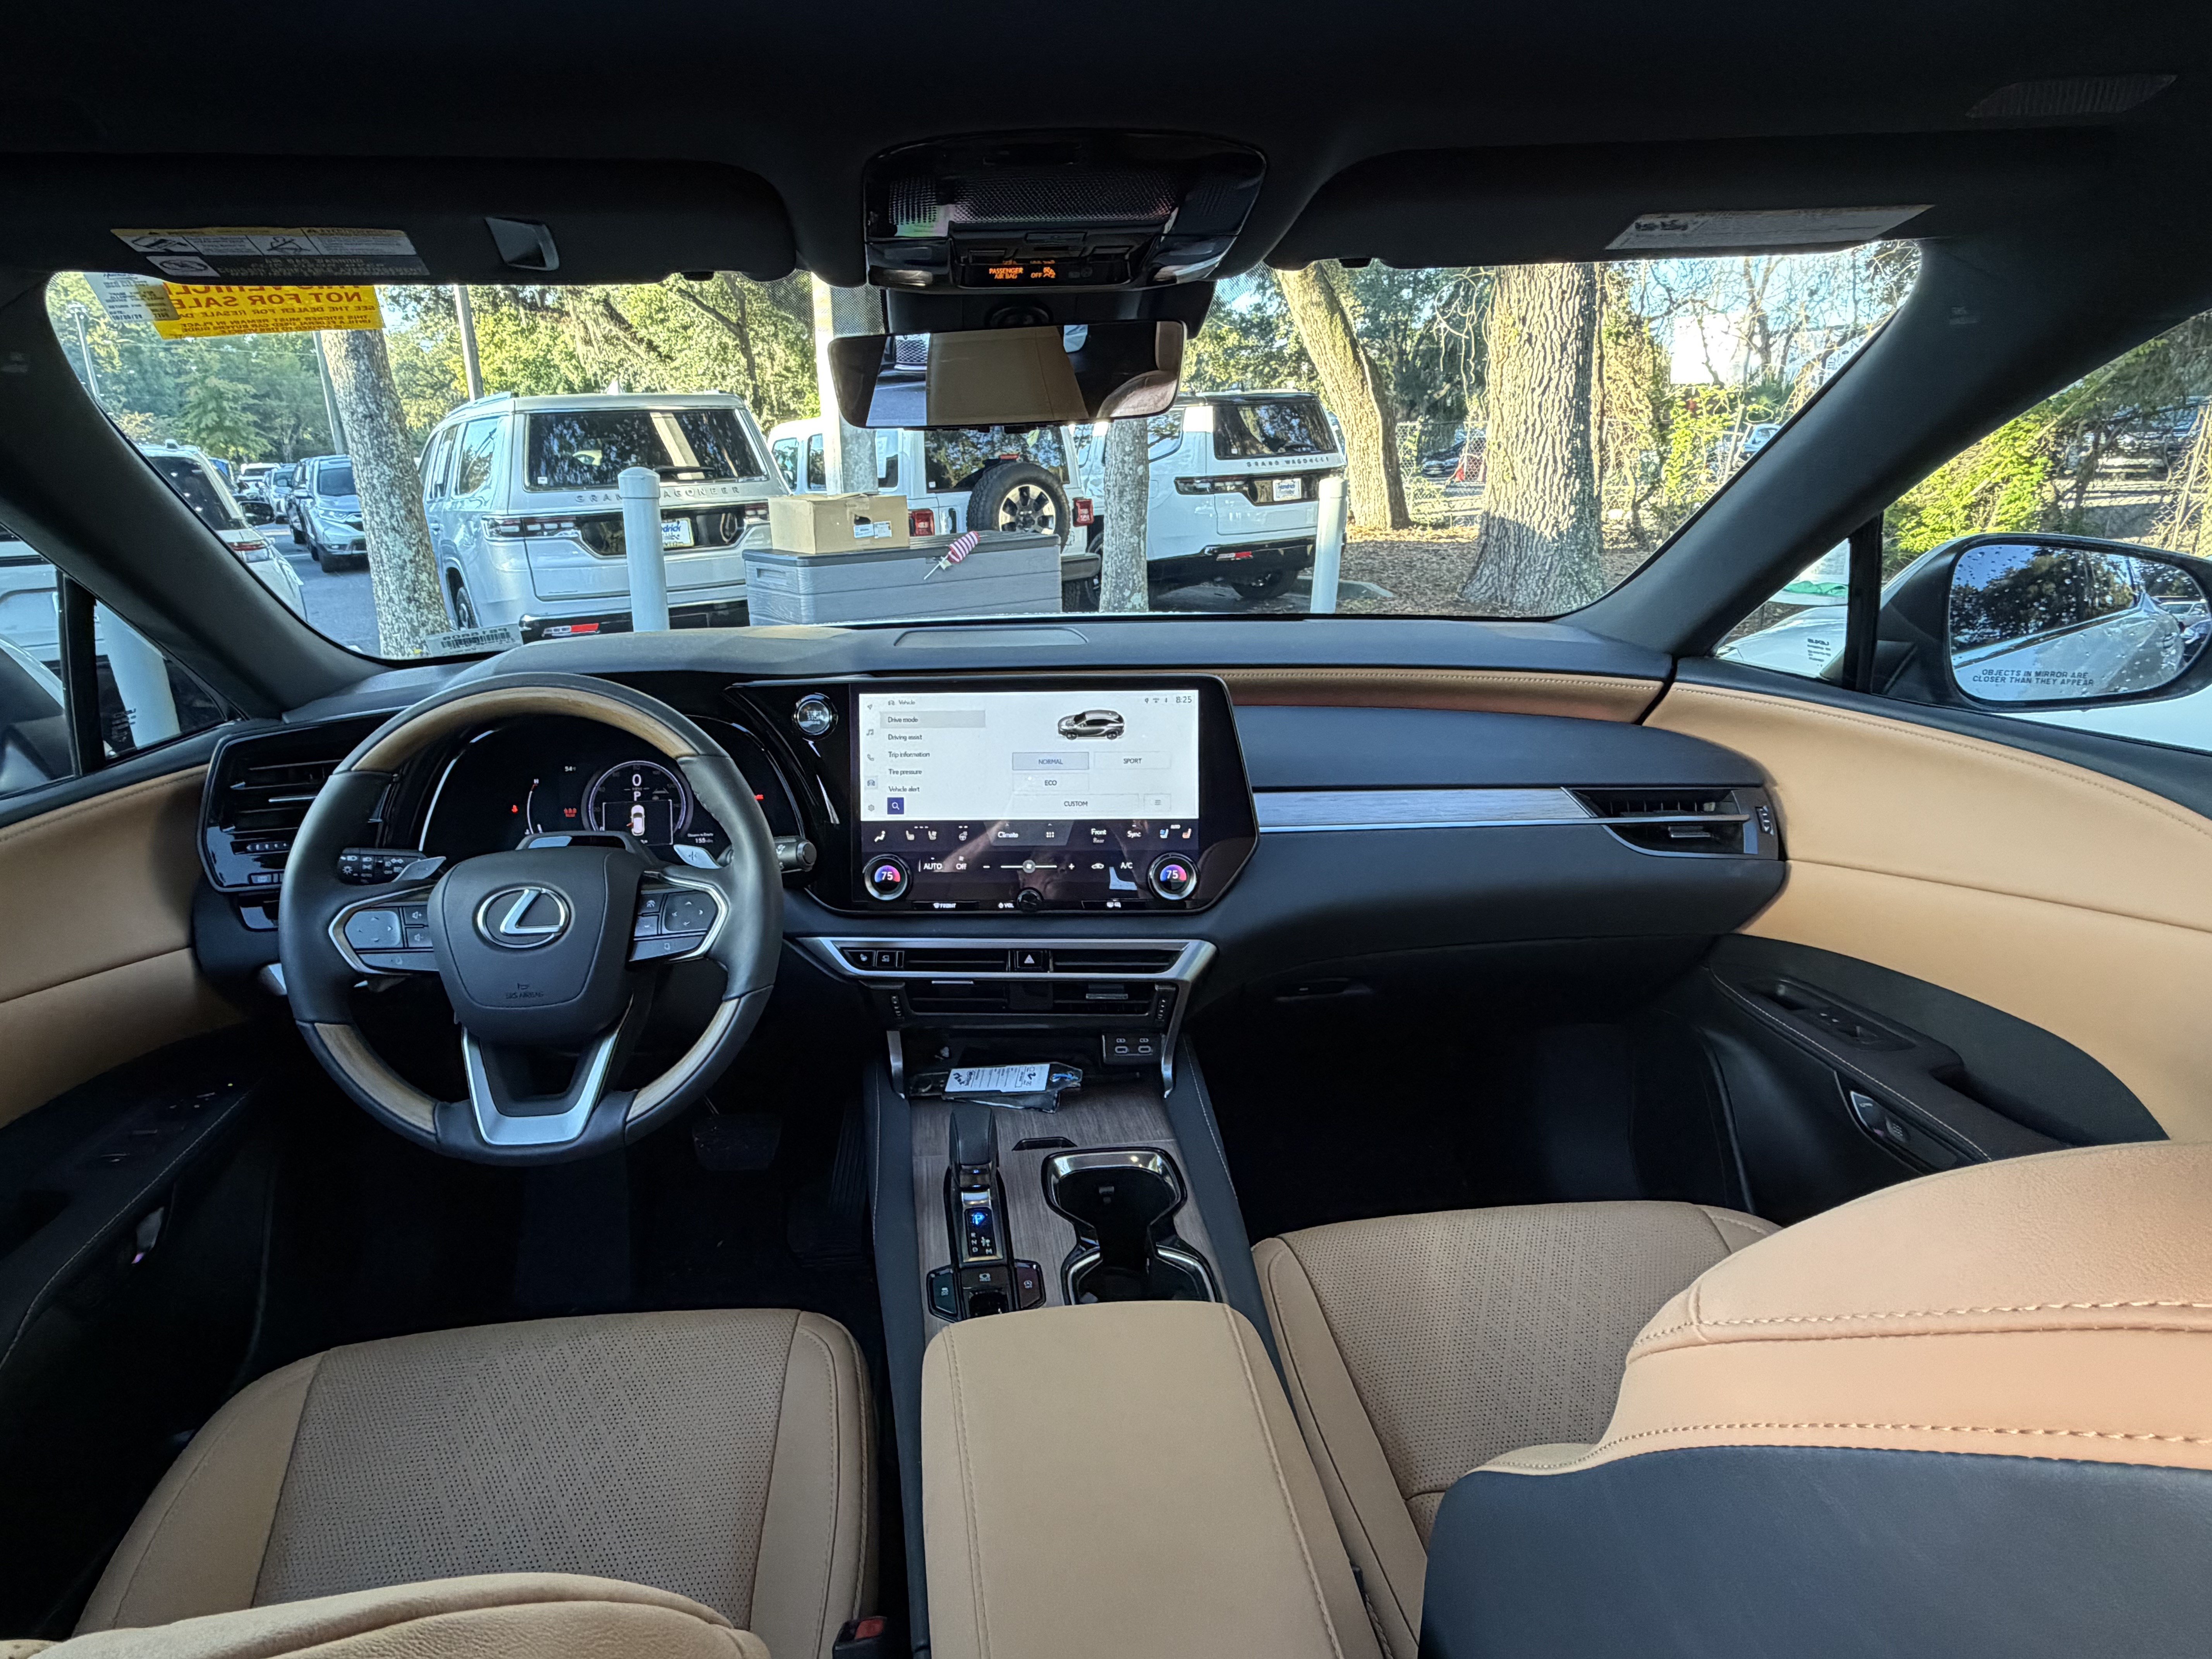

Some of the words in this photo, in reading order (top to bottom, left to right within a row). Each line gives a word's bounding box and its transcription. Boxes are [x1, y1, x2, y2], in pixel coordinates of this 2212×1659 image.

[575, 493, 622, 503] GRAN
[663, 486, 740, 498] AGONEER
[632, 774, 641, 787] 0
[634, 792, 641, 801] P
[1127, 830, 1142, 838] Sync
[881, 871, 893, 881] 75
[1166, 870, 1178, 879] 75
[973, 1213, 985, 1225] P
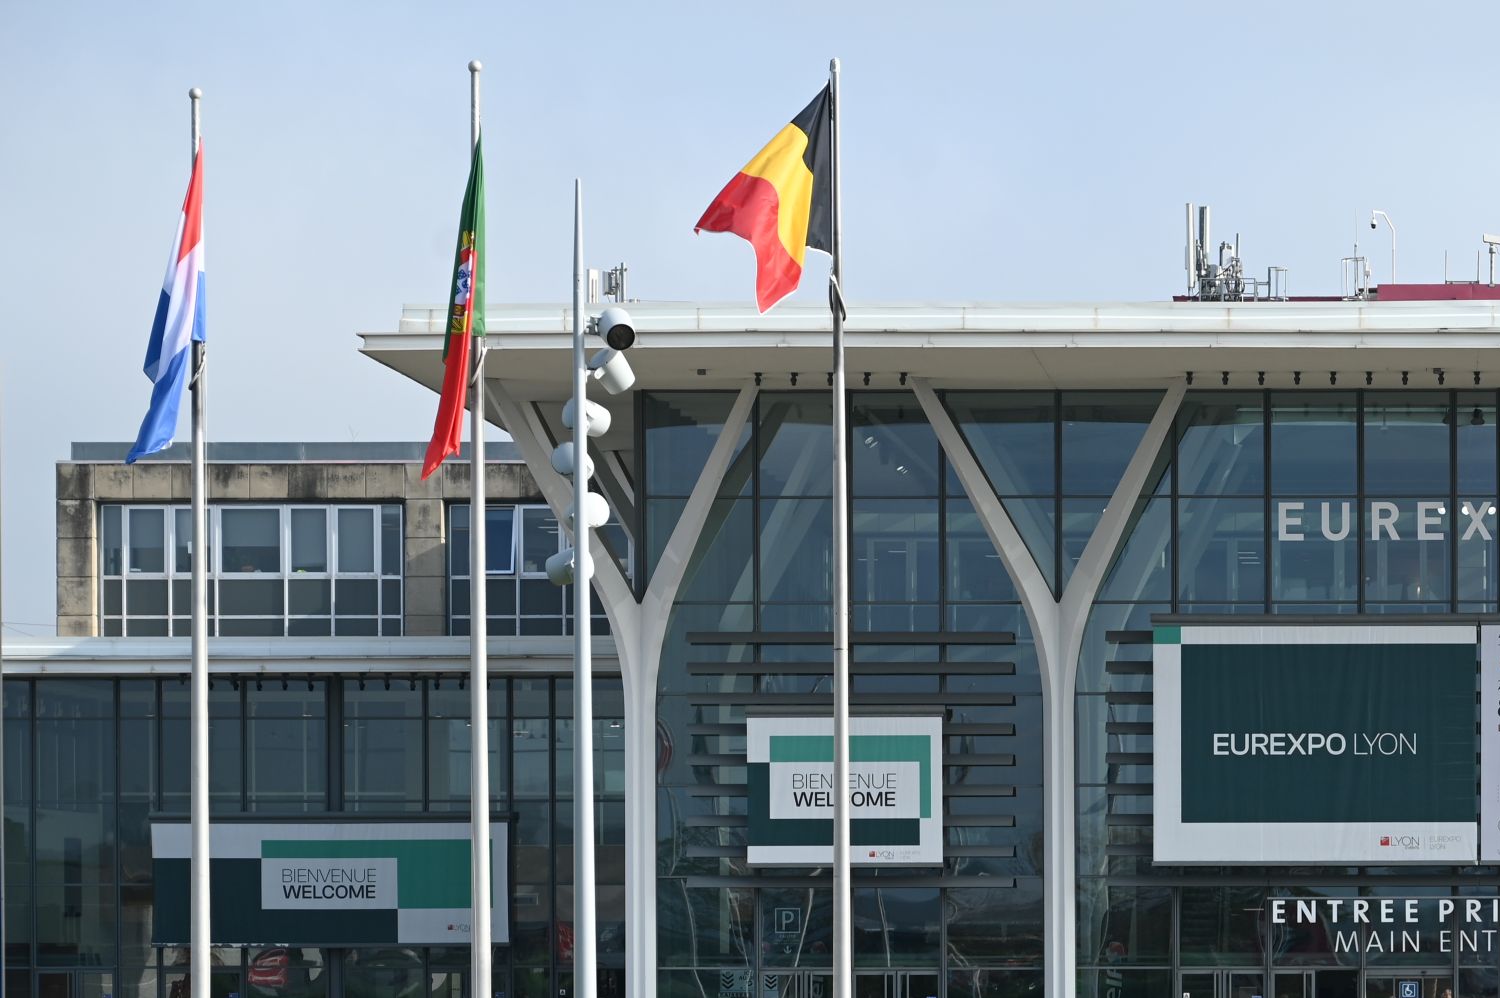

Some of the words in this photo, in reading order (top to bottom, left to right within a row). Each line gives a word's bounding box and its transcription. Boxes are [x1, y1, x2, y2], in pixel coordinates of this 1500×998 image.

[1212, 733, 1346, 756] EUREXPO
[1353, 732, 1418, 756] LYON
[791, 772, 898, 790] BIENENUE
[793, 791, 897, 808] WELOME
[1391, 836, 1420, 847] LYON
[281, 867, 377, 884] BIENVENUE
[282, 884, 377, 899] WELCOME
[1272, 901, 1419, 924] ENTREE
[1335, 930, 1420, 953] MAIN

### TRY IT:
Restate every entry above word for word; no picture belongs in the copy.

### WRITTEN SOLUTION:
Some of the words in this photo, in reading order (top to bottom, left to right within a row). Each line gives a word's bounding box and its transcription. Boxes are [x1, y1, x2, y2], in pixel coordinates of this 2212×1659 image.

[575, 493, 622, 503] GRAN
[663, 486, 740, 498] AGONEER
[632, 774, 641, 787] 0
[634, 792, 641, 801] P
[1127, 830, 1142, 838] Sync
[881, 871, 893, 881] 75
[1166, 870, 1178, 879] 75
[973, 1213, 985, 1225] P

Some of the words in this photo, in reading order (top to bottom, left to right within a row). Each line gives a word's bounding box and its transcription. Boxes are [x1, y1, x2, y2], in pixel coordinates of this 1500×998 image.

[1212, 733, 1346, 756] EUREXPO
[1353, 732, 1418, 756] LYON
[791, 772, 898, 790] BIENENUE
[793, 791, 897, 808] WELOME
[1391, 836, 1420, 847] LYON
[281, 867, 377, 884] BIENVENUE
[282, 884, 377, 899] WELCOME
[1272, 901, 1419, 924] ENTREE
[1335, 930, 1420, 953] MAIN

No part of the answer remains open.